'Tarifaço'
de Trump pode aumentar vinda de produtos chineses para o Brasil e impactar
indústria
As ameaças de Donald Trump de impor
tarifas a produtos importados tem deixado a indústria brasileira
preocupada. Não
apenas pela taxação em si, mas também porque essas medidas alteram a dinâmica
do comércio global.
Um exemplo é a possível guerra comercial entre EUA
e China, que voltou a ganhar força desde que Trump indicou que pretende impor um tarifaço sob a justificativa de proteger a indústria americana.
Em janeiro, o presidente americano anunciou uma
tarifa adicional de 10% sobre produtos chineses. Em resposta, a China também anunciou taxas mais altas para produtos americanos.
Já nesta semana, Trump afirmou que um novo acordo comercial com a China "é
possível".
Segundo especialistas e representantes da indústria
consultados pelo g1, o crescente
atrito entre as duas potências pode abrir espaço para que o gigante asiático
intensifique sua relação comercial com outros países — o Brasil, por exemplo.
O movimento nem seria novidade. Segundo Marcos
Jank, professor sênior e coordenador do centro Agro Global do Insper, a China
já se preparava para uma segunda guerra comercial com os EUA e agora adota uma
visão mais estratégica, cautelosa e seletiva sobre o comércio mundial.
“Nos últimos anos, a China diversificou bastante
suas exportações, já sendo bem menos dependente dos EUA do que era em 2017. E
ela tem buscado também uma maior aproximação dos emergentes”, afirma.
Caso o movimento se concretize, a presença de
produtos chineses no mundo deve crescer bastante. Em 2024, por exemplo, a China
respondeu por 24,2% das importações brasileiras. Aumentando demais esse número,
a economia e a indústria nacional precisarão reagir.
·
Impactos para a indústria
Por um lado e em um prazo mais curto, a indicação
de especialistas é que a maior presença da China no Brasil pode diminuir os
custos para os consumidores. Isso porque a chegada de produtos chineses mais
baratos obriga a indústria brasileira a baixar os preços para manter a
competitividade no mercado.
“O que acontece na prática é que a China já vem
praticando preços muito abaixo dos preços de mercado em diversos segmentos.

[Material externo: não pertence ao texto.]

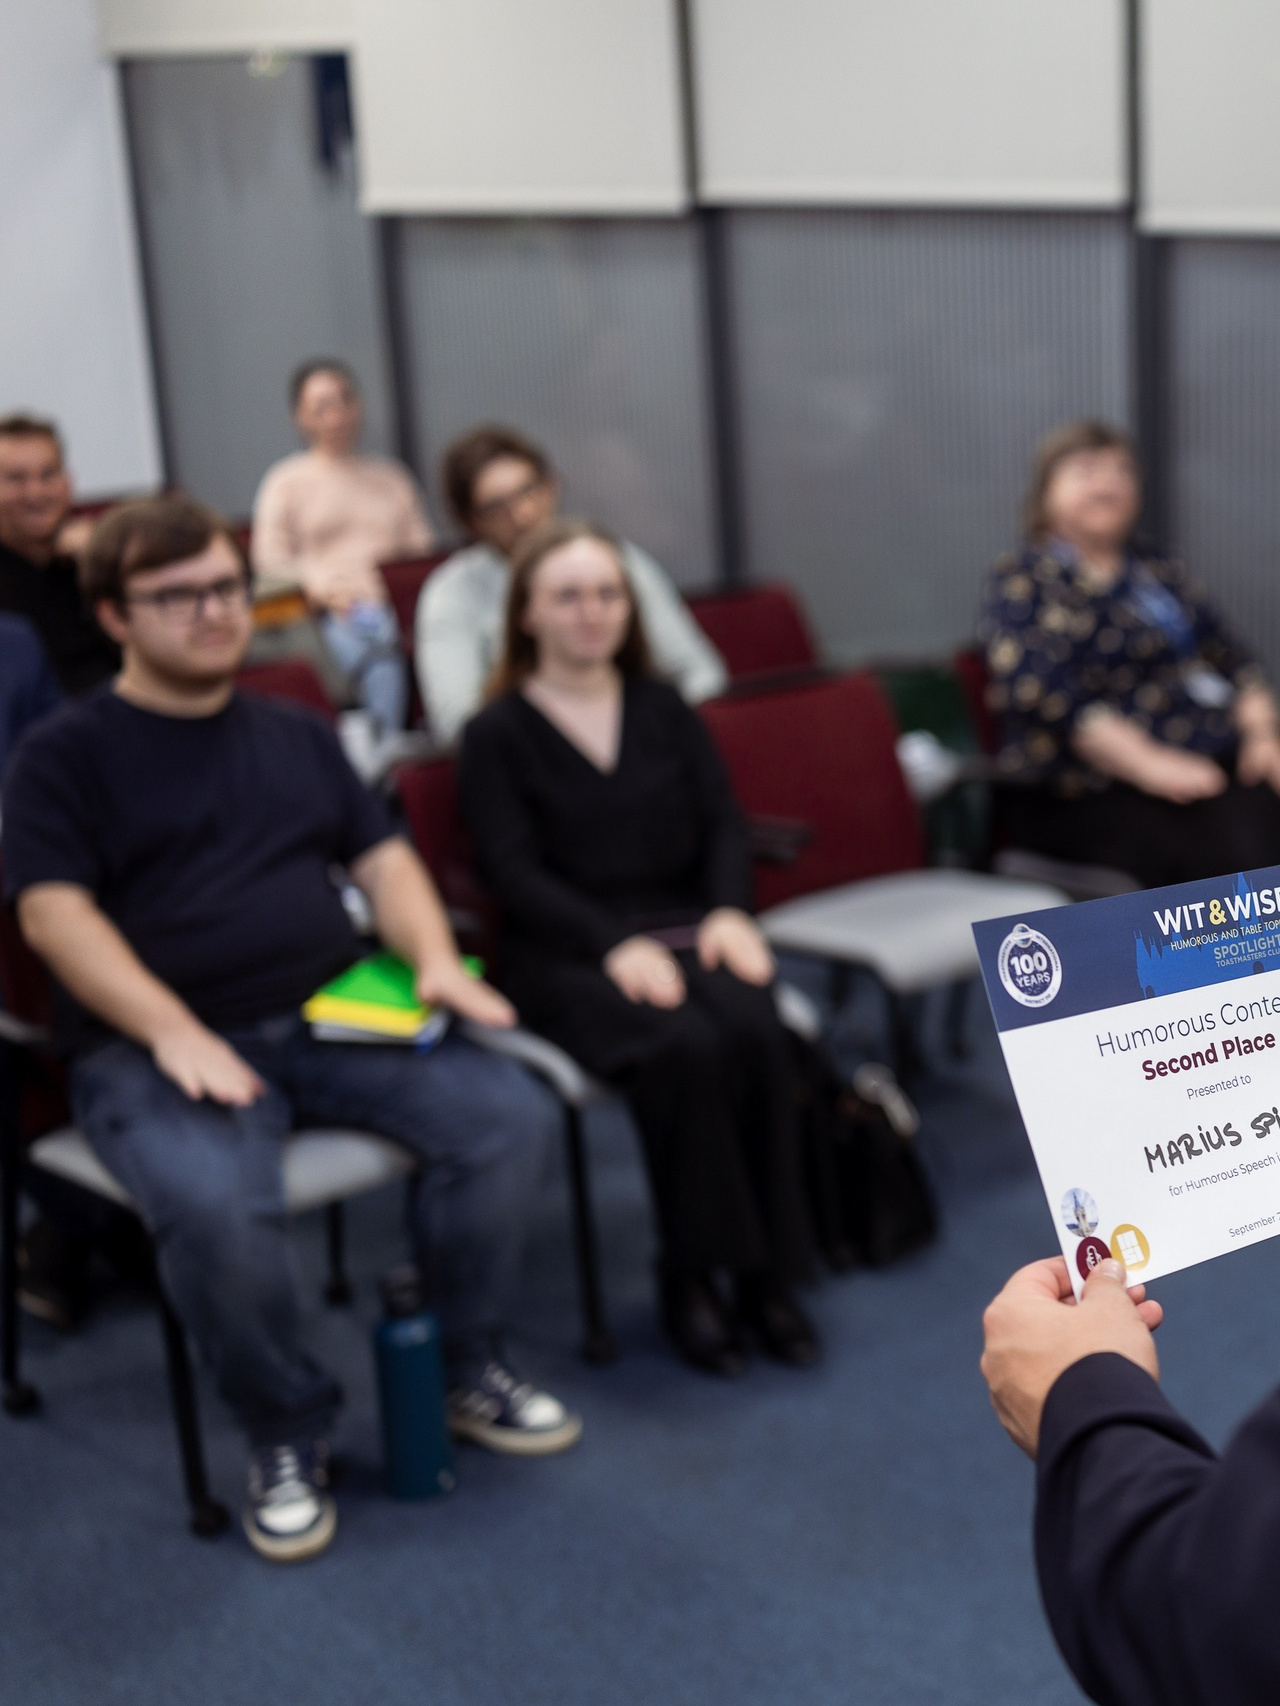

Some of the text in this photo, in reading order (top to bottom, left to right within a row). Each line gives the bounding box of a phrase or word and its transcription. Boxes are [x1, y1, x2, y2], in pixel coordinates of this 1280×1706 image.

Vemos um ‘dumping’ de produtos chineses no Brasil, mas isso tem prejudicado a
produção local”, diz o presidente da Federação das Indústrias do Estado de
Minas Gerais (FIEMG), Flávio Roscoe.
Nesse sentido, apesar dos produtos mais baratos
para os consumidores em um primeiro momento, representantes da indústria
sinalizam que os efeitos na economia e nas cadeias produtivas podem ser mais
negativos no país no médio e longo prazo.
Esses efeitos negativos viriam principalmente entre
os setores de maior investimento por parte da China, como:
·
indústria de máquinas e equipamentos;
·
indústria têxtil e de confecção; e
·
indústria automobilística.
Segundo o presidente-executivo da Associação
Brasileira da indústria de Máquinas e Equipamentos (Abimaq), José Velloso, o
movimento já começa a ter efeitos no faturamento e no crescimento da indústria
brasileira.
No setor de máquinas e equipamentos, por exemplo, o
executivo explica que houve uma queda de mais de 8%
do faturamento em 2024, enquanto o volume de importações cresceu 10% no mesmo
período. E entre os importados, houve ainda um aumento de 33%
dos produtos chineses vindos para o país.

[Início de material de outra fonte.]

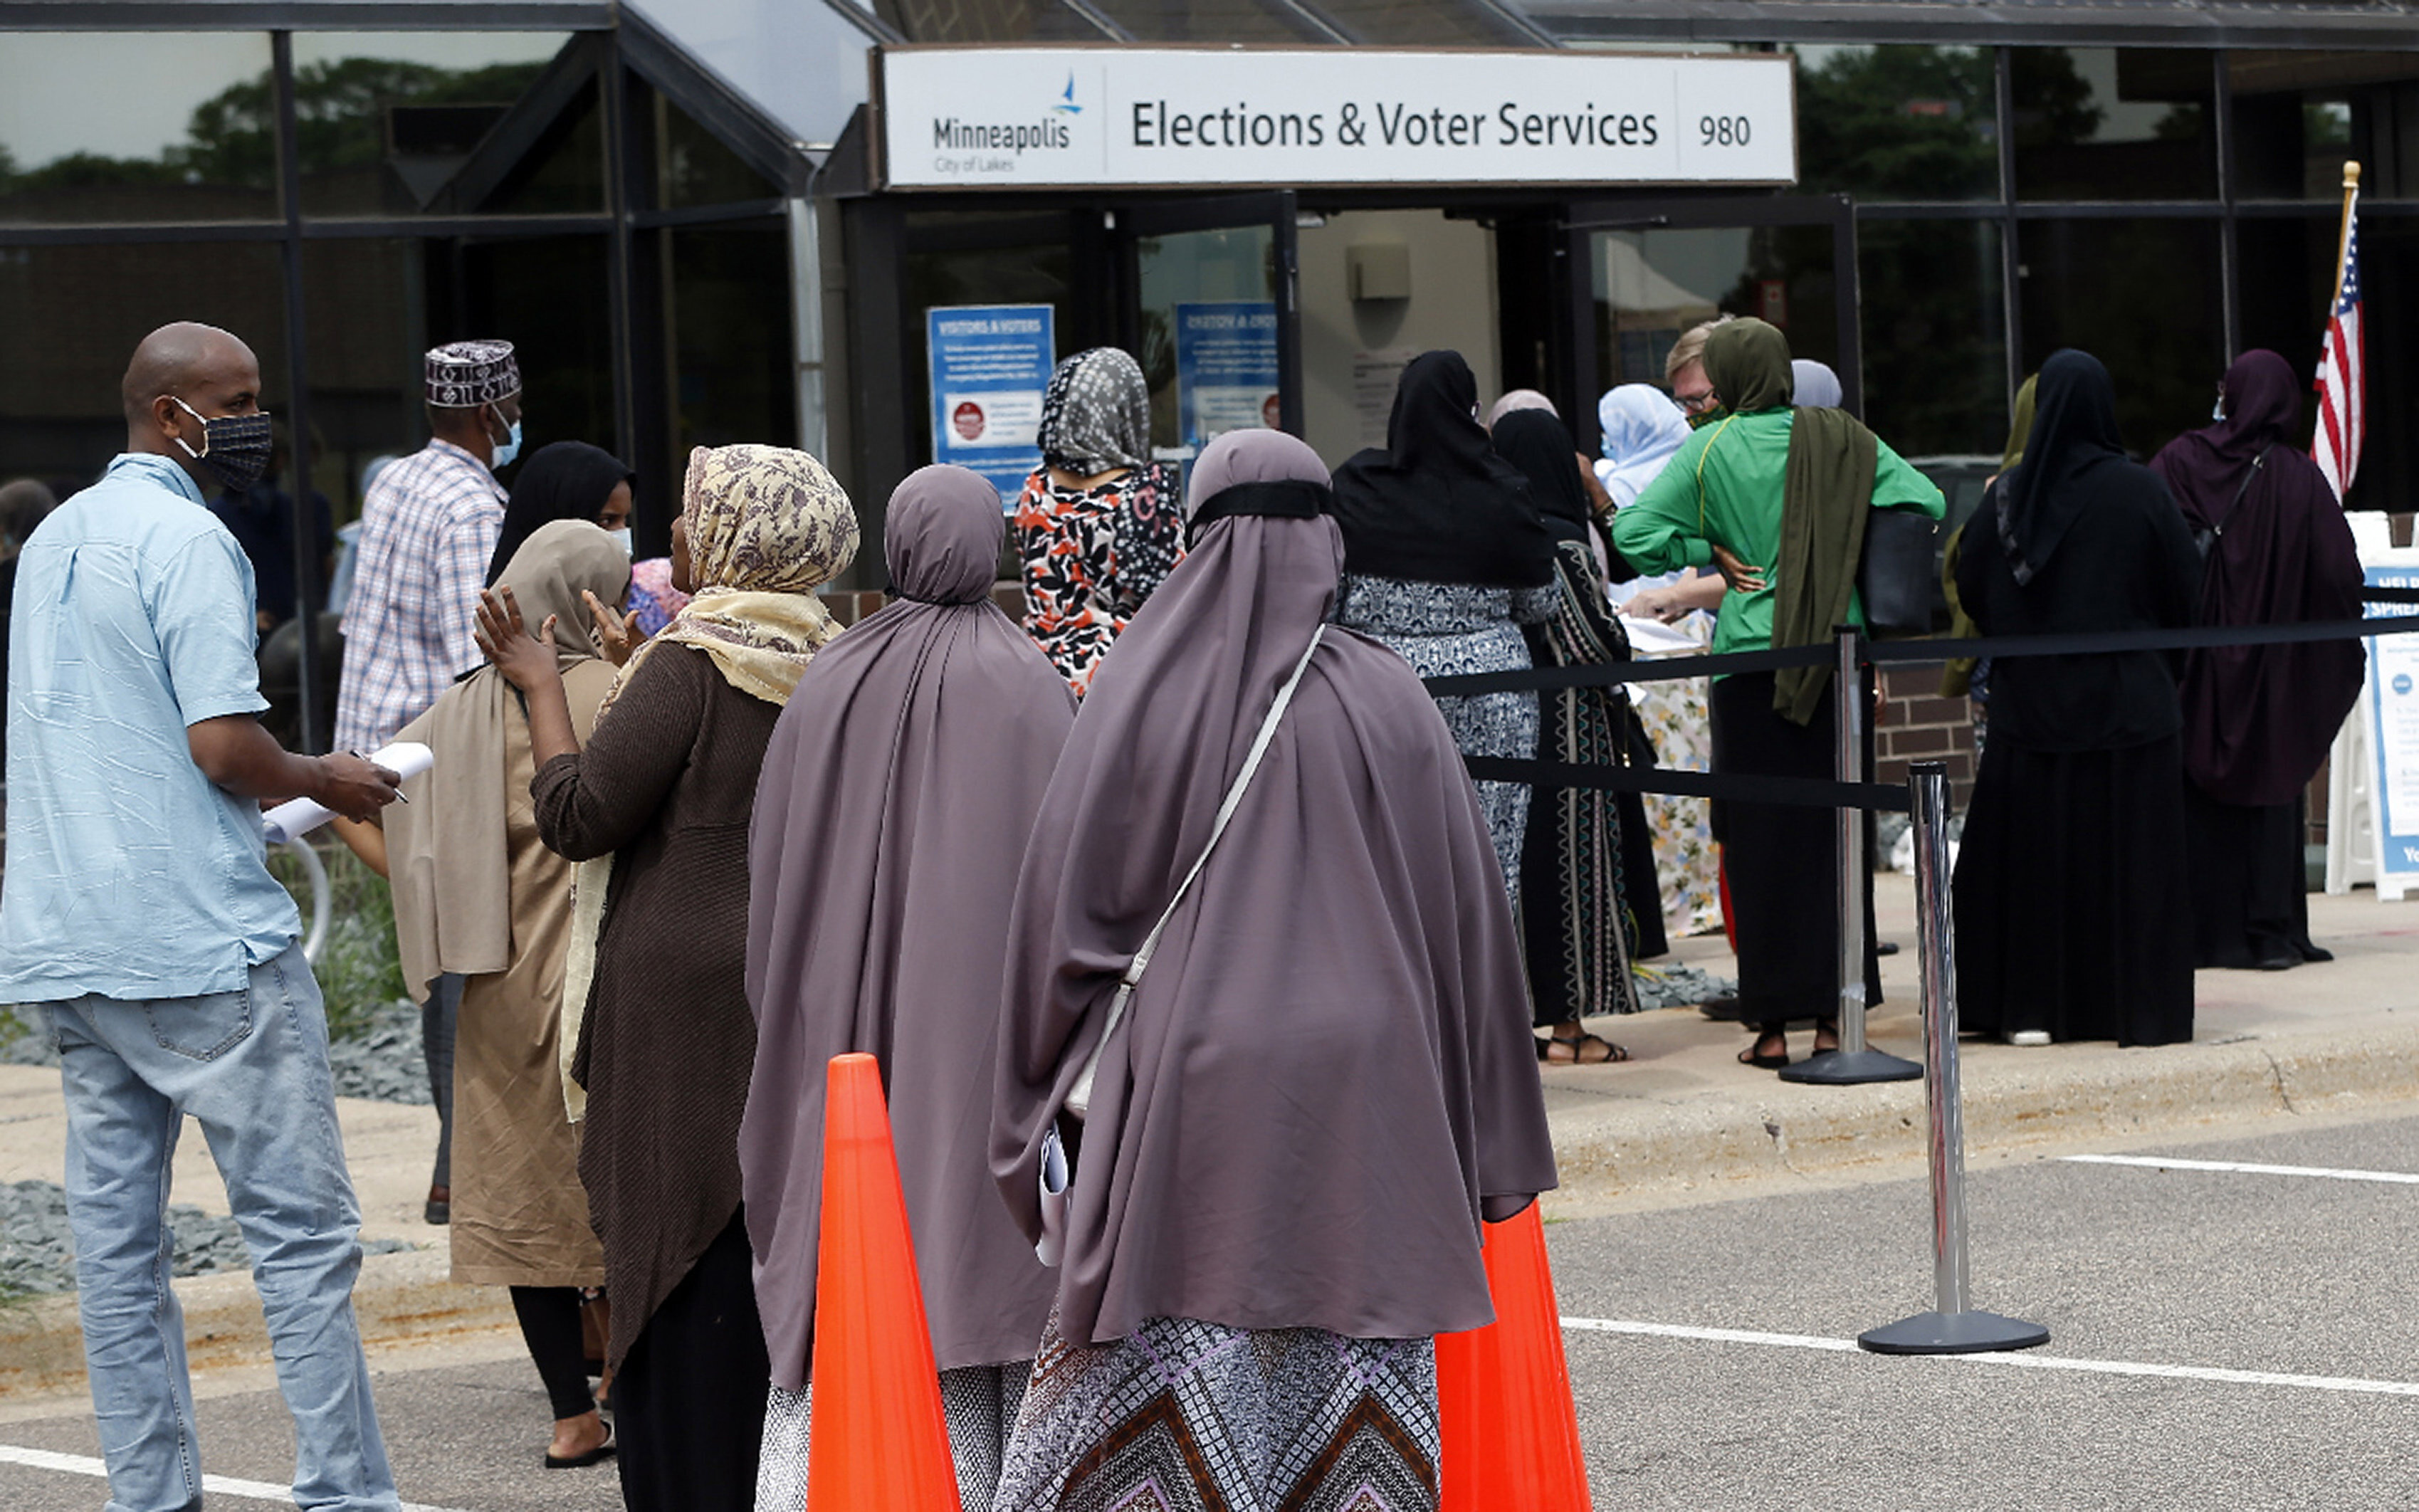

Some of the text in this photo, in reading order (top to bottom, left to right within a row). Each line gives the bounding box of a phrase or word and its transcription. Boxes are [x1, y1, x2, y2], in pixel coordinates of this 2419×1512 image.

[934, 117, 1070, 156] Minneapolis
[1133, 100, 1658, 147] Elections & Voter Services
[1699, 116, 1751, 147] 980
[934, 156, 1015, 174] City of Lakes

“Esses já são os efeitos da guerra comercial
entre Estados Unidos e China. E, nesse
caso, o aumento das importações não são um bom sinal para a produtividade
porque o consumo do setor também caiu”, explica Velloso, indicando que esse
quadro também indica uma piora das vendas de produtos brasileiros.
Esse cenário também é visto nos outros dois
setores, que já estendem a briga por um ambiente com regras claras de
competitividade no país há algum tempo. O exemplo mais recente foi a discussão
sobre o que ficou chamado de “imposto das blusinhas”.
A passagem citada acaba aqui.